London, UK, 9 July 2017 | Matt Trollope

No.1 seeds John Peers and Henri Kontinen are through to the third round of the men’s doubles event at Wimbledon after a 6-3 6-4 6-4 win over British wildcards Scott Clayton and Jonny O’Mara. 

Peers, the world No.2 doubles player who with Kontinen is the reigning Australian Open champion, sat down with to chat about Wimbledon so far, his exploits at home and how life has changed since becoming a father.

After a tough opening round, how do you feel you’re settling into the tournament after today’s straight-sets win?

“There’s never an easy match here at any Grand Slam. Henri and I started a bit slow in our first round and to be honest started a little slow in this match when got down a break early in the first, but then we were able to break straight back and then got on top of things and just kept the ball rolling which was good. Just being able to build pressure but getting an early break each set helped us out today which was nice.”

You reached the semis in ‘s-Hertogenbosch and the quarters in Queen’s. How happy were you with your grasscourt preparation coming into Wimbledon?

“It was nice. It’s always good to get a couple of matches under the belt and get ready for a Slam. Queen’s and ‘s-Hertogenbosch are always two good events to play so it was good fun to get out there.”

You played with Jordan Thompson in ‘s-Hertogenbosch. How was that, and what’s the experience like to move away from your regularly partner and play with someone else before a Slam?

“Henri just didn’t want to play that week and I wanted to get a couple more matches on grass after the French, which didn’t go as planned. I knew Thommo was looking and it’s always good fun to get to play with another Aussies.

Good for Davis Cup too, I imagine …

“It’s great to have options, but it’s always good to get back playing with guys you spend so much time with around Davis Cup, so it’s good fun.”

The past two years at Wimbledon, you’ve reached the final (2015) and quarterfinals (2016). How much do those experiences help you when you play the tournament this year?

“It’s always good. I’ve always felt comfortable here on the Wimbledon grass. To be able to get into the second week is always what you try and do once you start the tournament so to be able to do that now, it just gives you confidence to know you’ve been there, you’ve been through deep in the tournament and you’re comfortable with whatever comes – we’ve dealt with the rain here, dealt with some nice warm weather, so it’s always nice (to be here). It always feels good and almost like a second home.”

In January you won the Australian Open with Henri for your first Grand Slam title. How has that experienced carried through the rest of the season? Do you still think about it?

“I’m still trying to pinch myself to believe I actually am a Grand Slam champion.
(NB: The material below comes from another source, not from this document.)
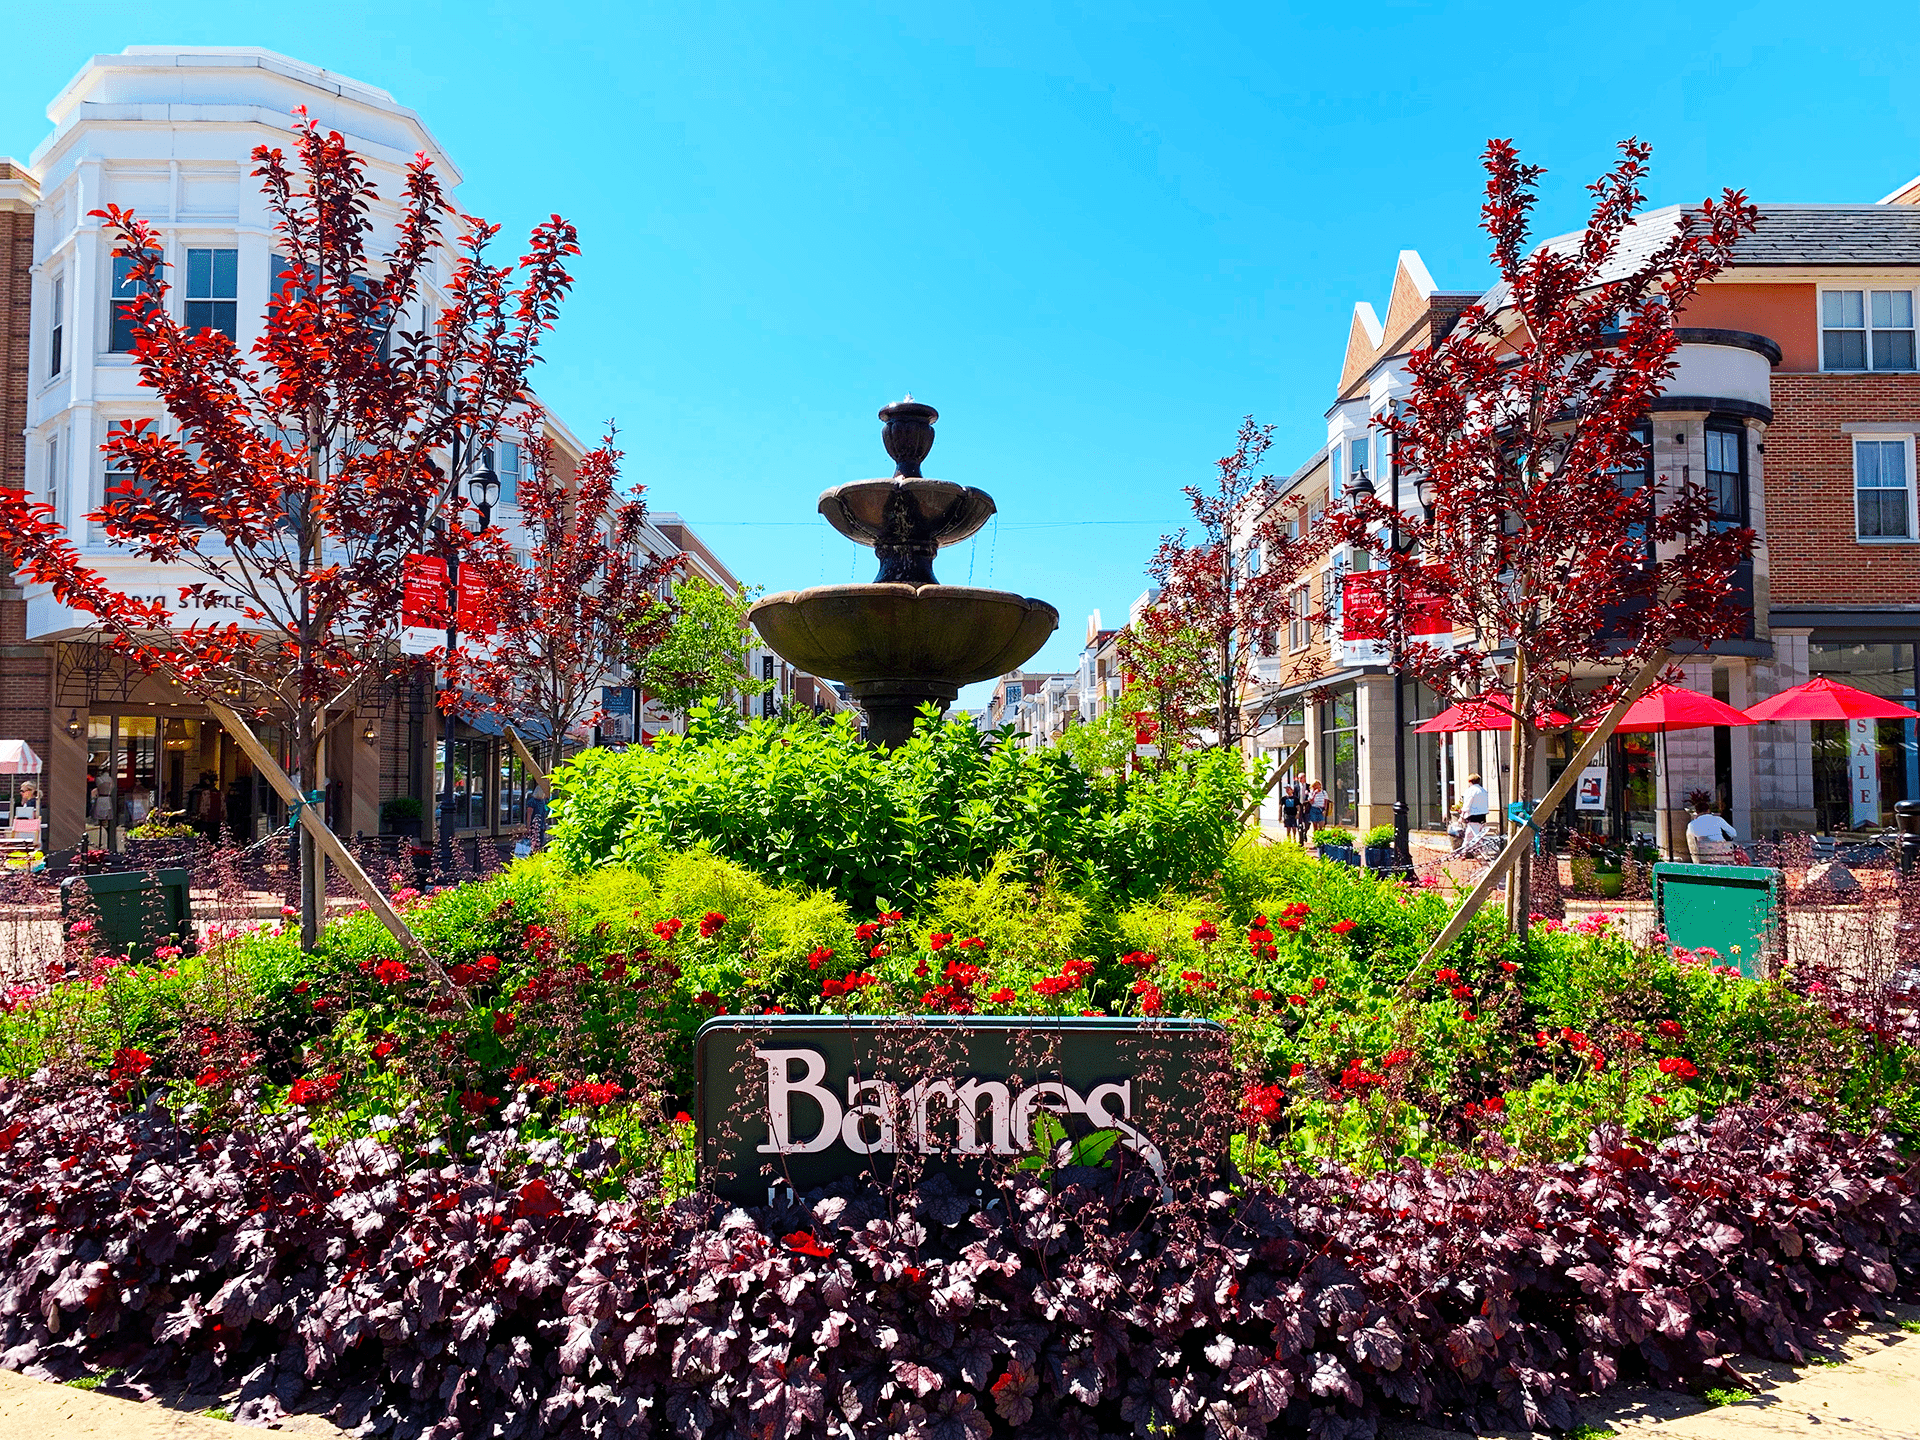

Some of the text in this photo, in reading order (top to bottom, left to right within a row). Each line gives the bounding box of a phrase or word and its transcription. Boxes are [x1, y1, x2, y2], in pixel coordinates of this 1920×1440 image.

[178, 595, 245, 609] STTE
[1857, 719, 1872, 804] SALE
[755, 1048, 1169, 1202] Barnes
I was actually really mentally exhausted for a few days straight after and then got ready to go up for Davis Cup which was really good fun and it was a great team environment – the boys helped me get up for that which was a lot of fun.

“It was just the mental (side at the Australian Open), to get up for every match and to keep going and going and going. It was nice to get through those first couple of days (afterward) where I took a couple of lighter (training) days and then to have a good Davis Cup tie was even better. Then I was able to take a couple of weeks off, which was really good fun.”
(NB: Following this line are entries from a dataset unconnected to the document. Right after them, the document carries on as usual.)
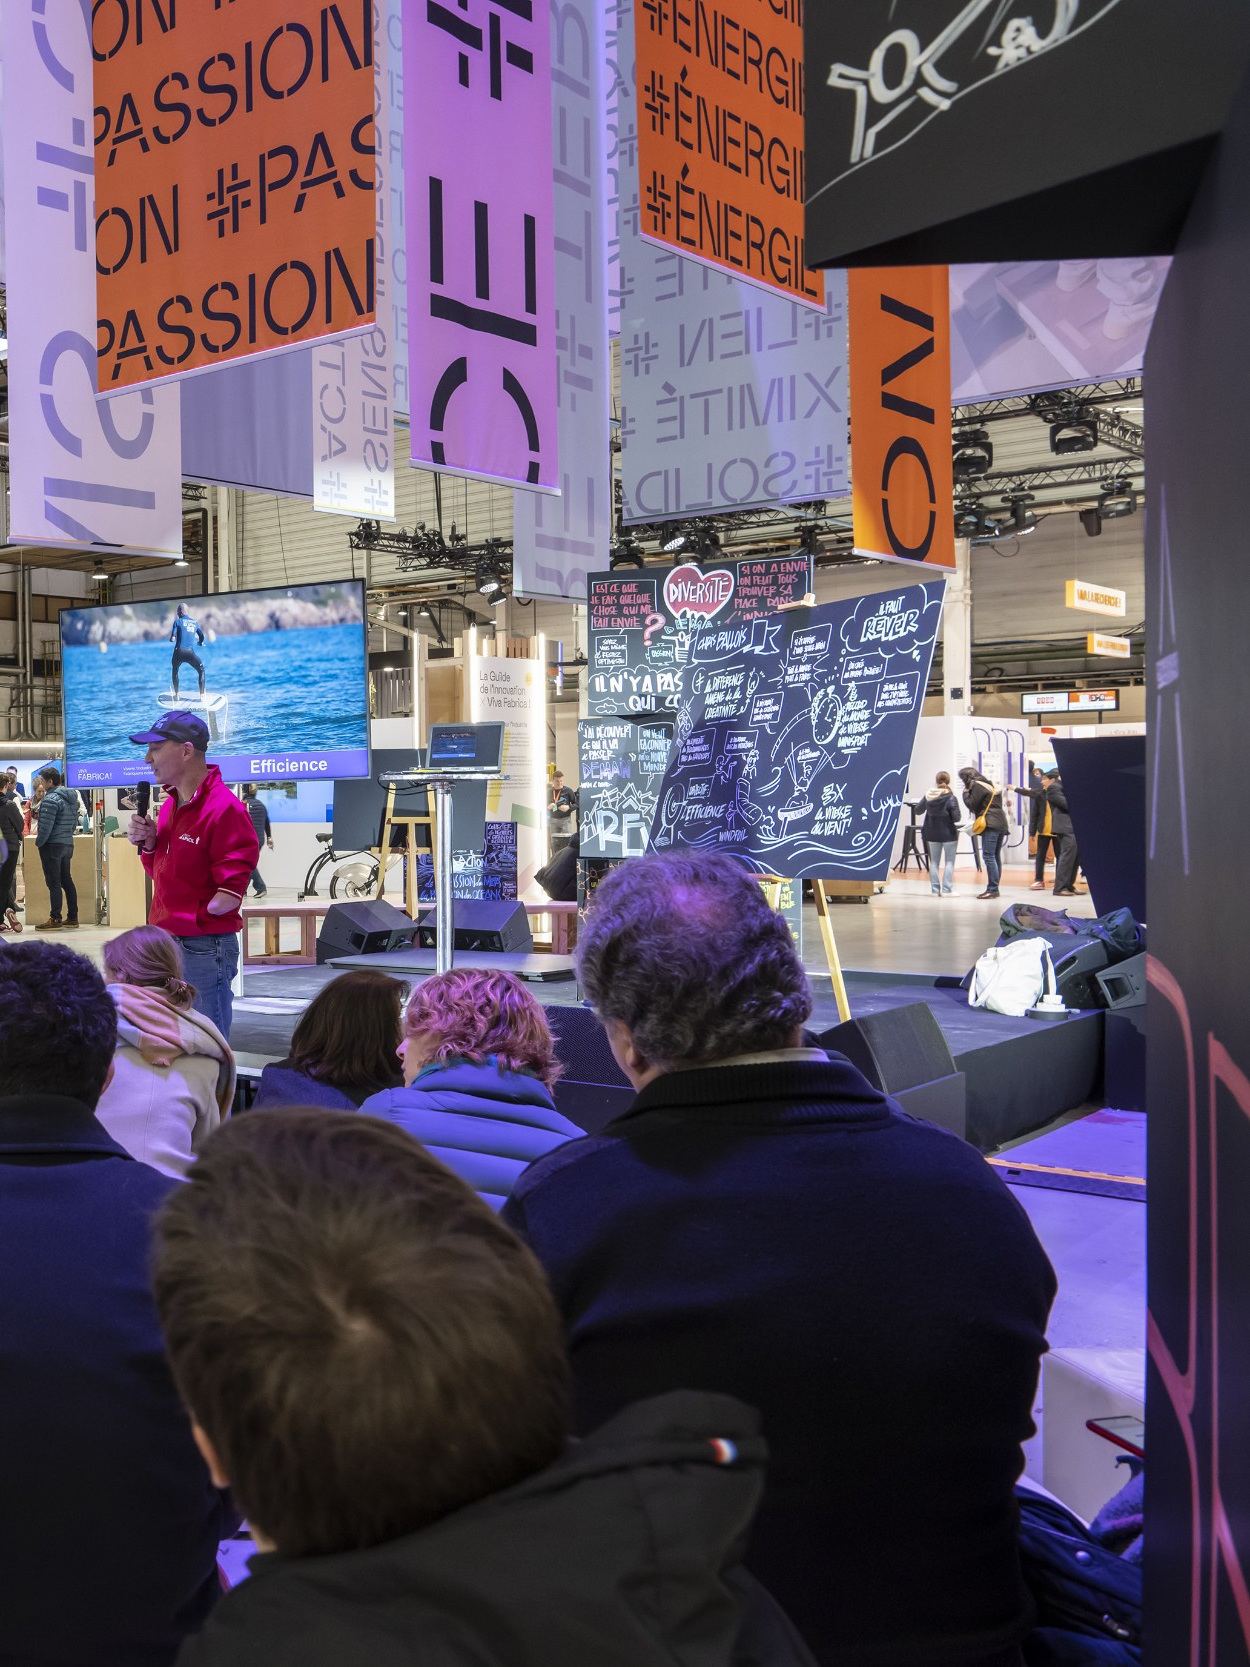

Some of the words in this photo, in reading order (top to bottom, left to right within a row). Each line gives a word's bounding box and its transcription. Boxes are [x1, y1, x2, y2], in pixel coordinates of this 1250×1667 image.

[644, 64, 805, 204] #ÉNERGI
[781, 561, 809, 572] ENVIE
[669, 577, 730, 604] DIVERSITÉ
[479, 671, 488, 682] La
[480, 684, 489, 694] de
[250, 758, 328, 775] Efficience
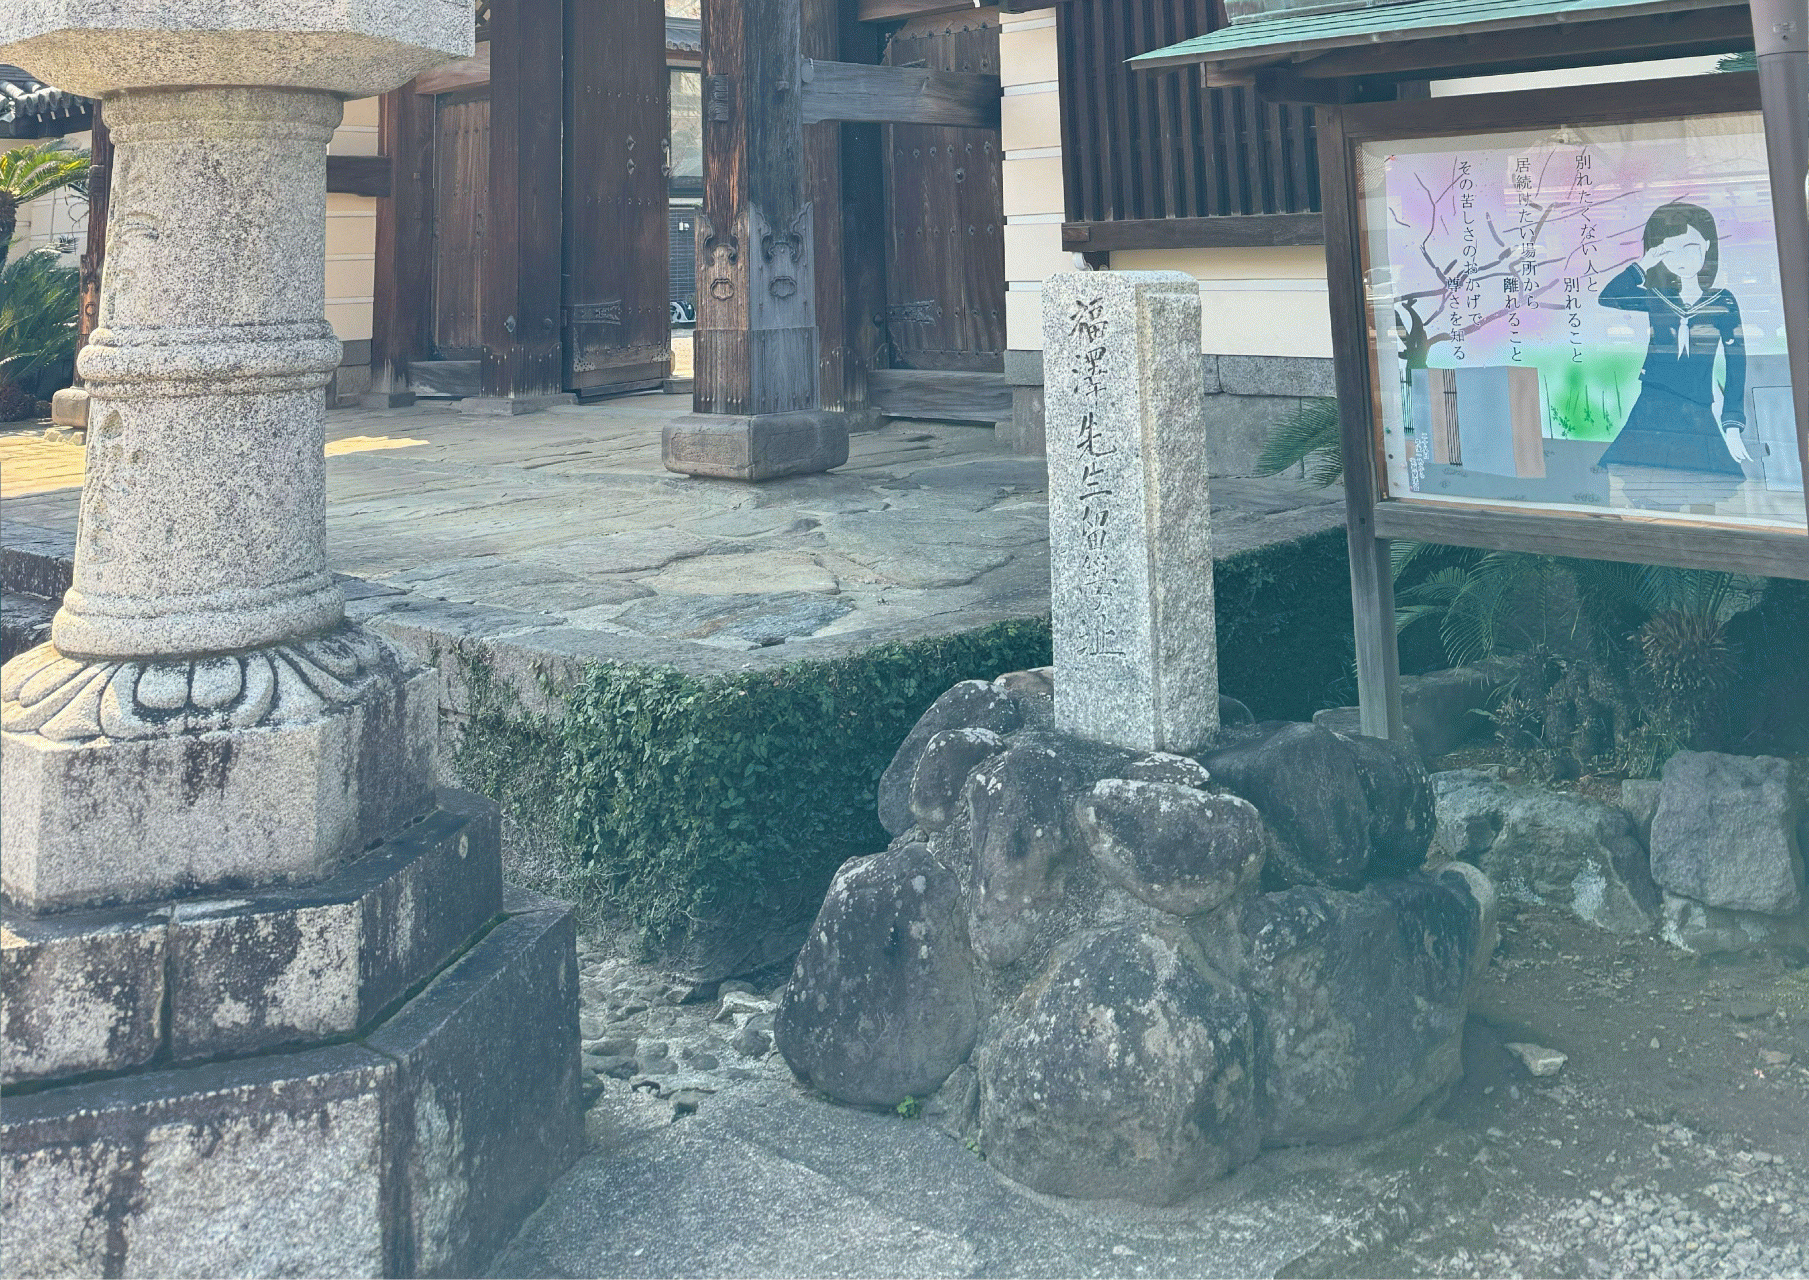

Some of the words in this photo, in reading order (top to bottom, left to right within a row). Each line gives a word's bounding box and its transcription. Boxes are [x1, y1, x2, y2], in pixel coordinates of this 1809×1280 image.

[1458, 160, 1482, 326] その苦しさのおかげで
[1515, 157, 1540, 310] 居続けたい場所から
[1575, 154, 1599, 292] 別れたくない人と
[1446, 277, 1465, 361] 尊さを知る
[1503, 277, 1522, 362] 離れること
[1563, 277, 1583, 363] 別れること
You became a father when your daughter Ellie was born in May. How has the experience of becoming a parent impacted your daily life and your tennis career?

“It’s been great. She’s only been around just seven weeks now, and to be a father is something that just puts everything in perspective and you really learn to enjoy your family time and enjoy what you’ve got at home. To be honest, to be able to go back to them, win or lose, she’s always got a smile on her face and at the end of the day it’s always great to get back and see her.
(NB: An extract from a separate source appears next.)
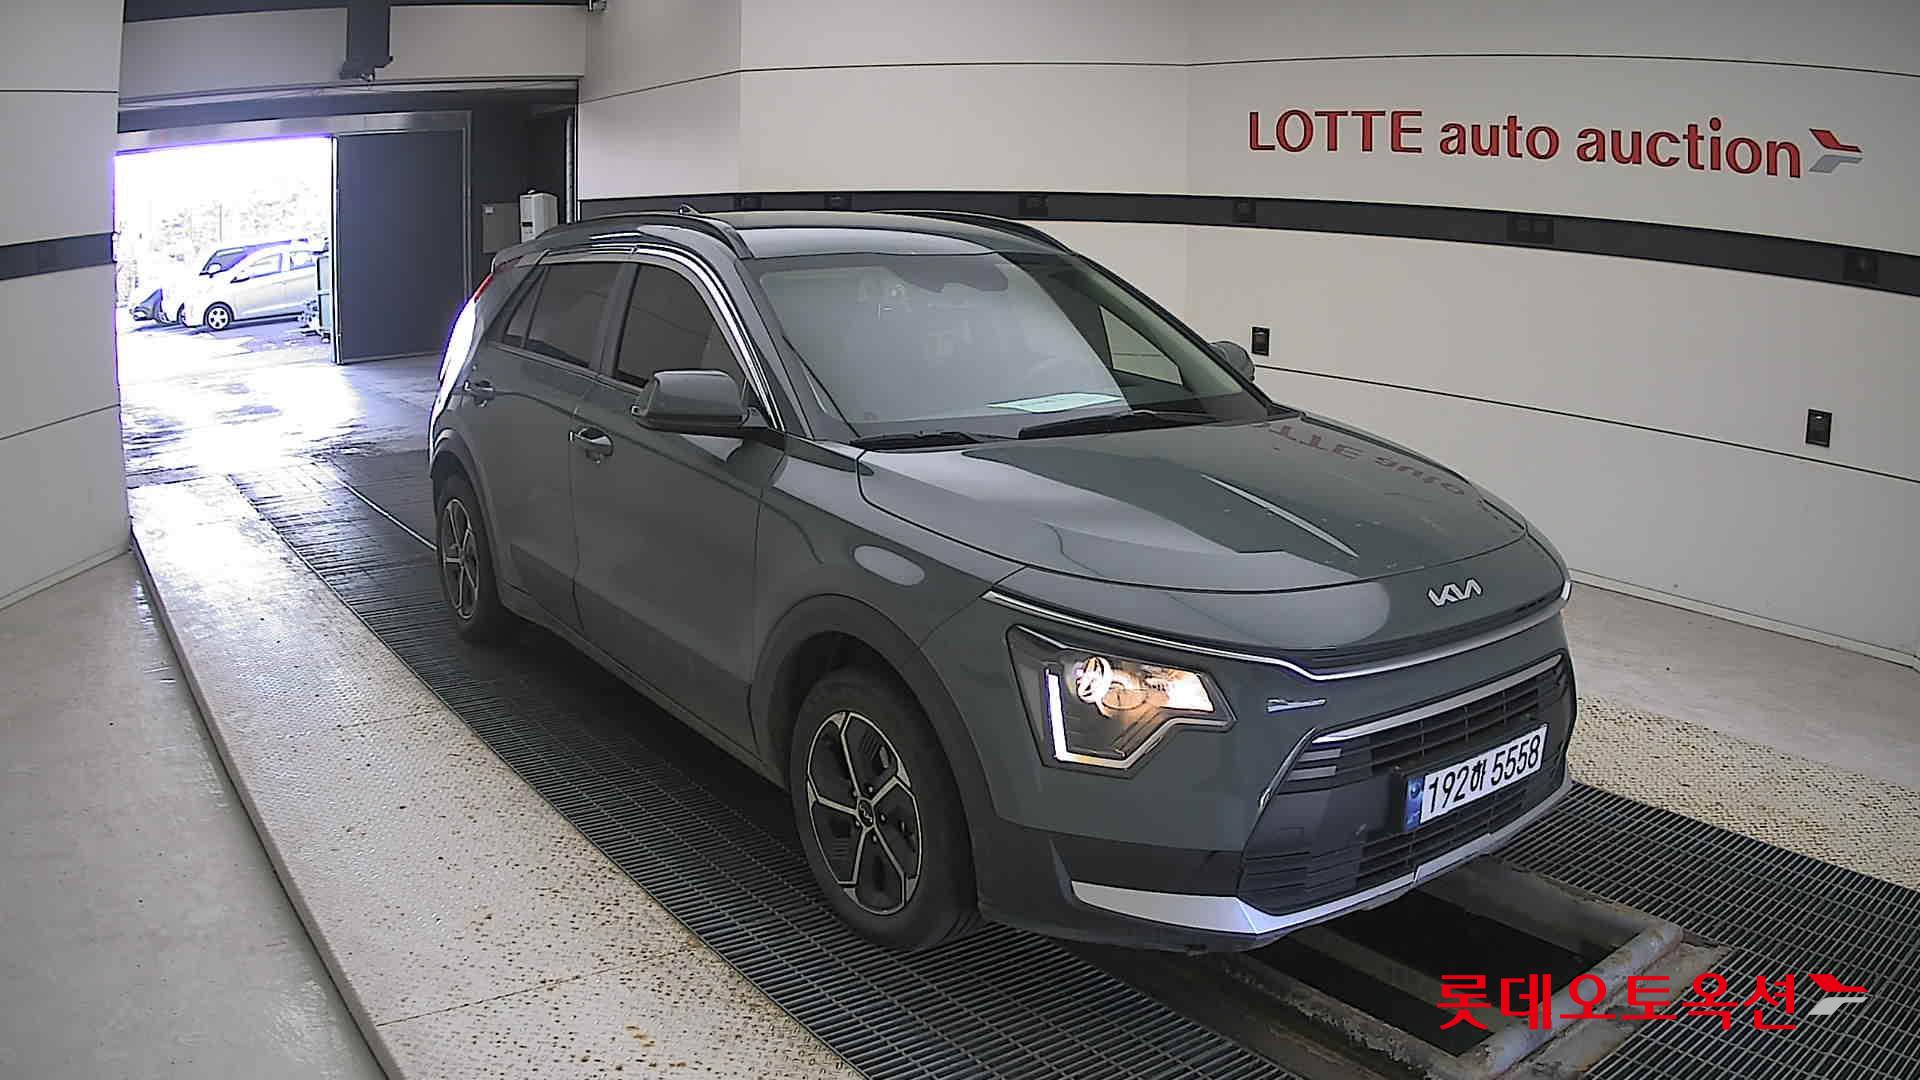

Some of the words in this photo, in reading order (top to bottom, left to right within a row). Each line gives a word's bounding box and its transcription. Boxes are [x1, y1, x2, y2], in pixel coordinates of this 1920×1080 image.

“You’re forced to detach yourself from tennis more and make your priority your child, and that’s great to put tennis in perspective and make it a game we still love and enjoy playing, but to be able to take your mind off it as well when you get home. I think it just throws another dimension into where you are in life. It’s really nice to be able to have your family around a lot more often.”

Now you’re in the third round of Wimbledon doubles, you’ll play qualifiers Hugo Nys and Antonio Sancic. What do you know about them and how will you prepare?

“We’ll just go back and watch a little bit of footage tomorrow; don’t know either one really well. Especially at Wimbledon when the courts are this quick it’s about focusing on what you can control and worrying about bringing your level each day so that’s gonna be the main focus. So we’ll find out a little about these guys and then go from there.”